Calpain II was purified to apparent homogeneity from bovine neural retinas. It was found to be biochemically similar to brain calpain II, purified by the same procedure, with respect to: subunit mobility in SDS-polyacrylamide gel electrophoresis; Ca2+ sensitivity; inhibition by calpeptin and other cysteine protease inhibitors; and optimal pH. Semithin cryosections were immuno-labeled with antibodies specific for the catalytic subunit of calpain II. Calpain II was detected in most layers of the retina, with the most pronounced label present in the plexiform layers (synaptic regions) and the photoreceptor outer segments.
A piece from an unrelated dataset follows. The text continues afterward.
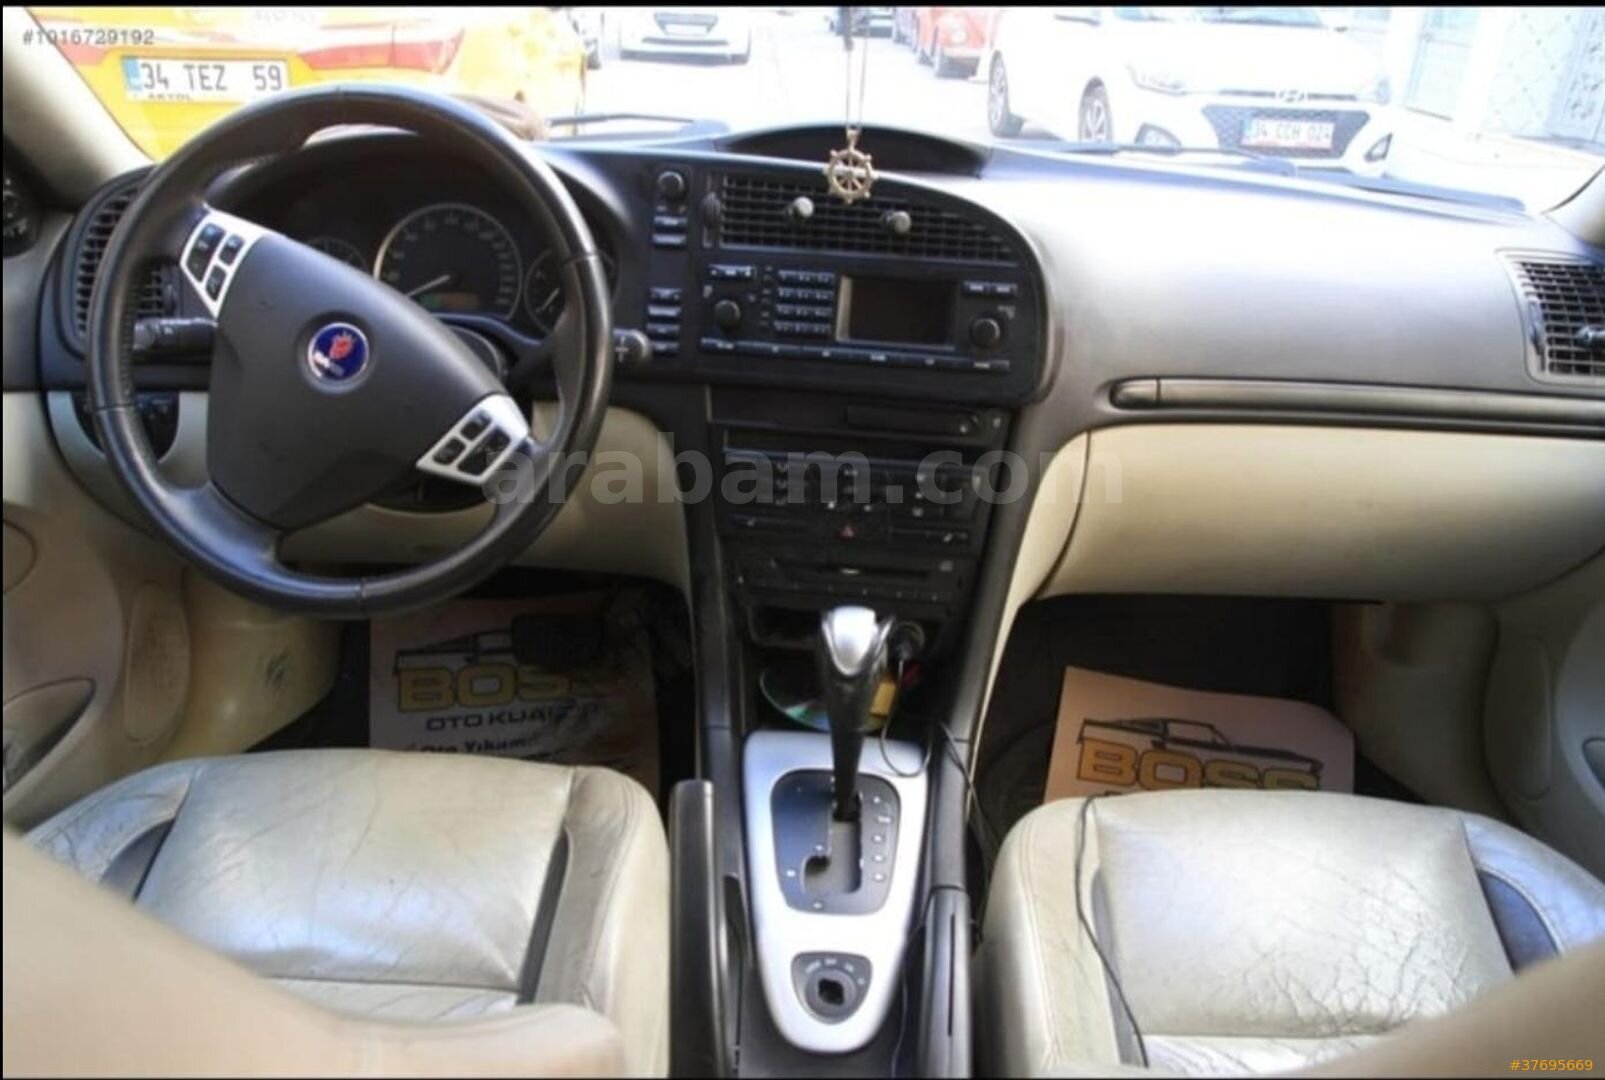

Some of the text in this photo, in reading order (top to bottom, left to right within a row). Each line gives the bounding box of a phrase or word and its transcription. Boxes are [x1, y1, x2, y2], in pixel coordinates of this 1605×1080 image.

[140, 62, 283, 92] 34 TEZ 59
[397, 662, 608, 713] BOS
[426, 711, 482, 731] OTO
In dark-adapted retinas, the label was distributed throughout the outer segments. In light-adapted retinas, outer segment labeling was concentrated in the connecting cilium, and the inner segments were labeled. A partially pure preparation of calpain II from isolated rod outer segments was found to have the same biochemical characteristics as calpain II prepared in the same way from the whole retina. The enzyme was distributed fairly evenly between the cytosolic and cytoskeletal fractions of isolated rod outer segments. Immunoblots of the rod outer segment cytoskeleton were used to determine the susceptibility of known components of the actin-based cytoskeleton to proteolysis by calpain II in vitro. Actin was not proteolyzed at all, alpha-actinin was only slowly degraded, but myosin II heavy chain was rapidly proteolyzed. Actin filaments have been shown previously to be associated with myosin II and alpha-actinin in a small domain within the connecting cilium, where they play an essential role in the morphogenesis of new disk membranes. The localization of calpain II in the connecting cilium after light exposure, combined with the in vitro proteolysis of myosin II, suggests that calpain II could be involved in light-dependent regulation of disk membrane morphogenesis by proteolysis of myosin II.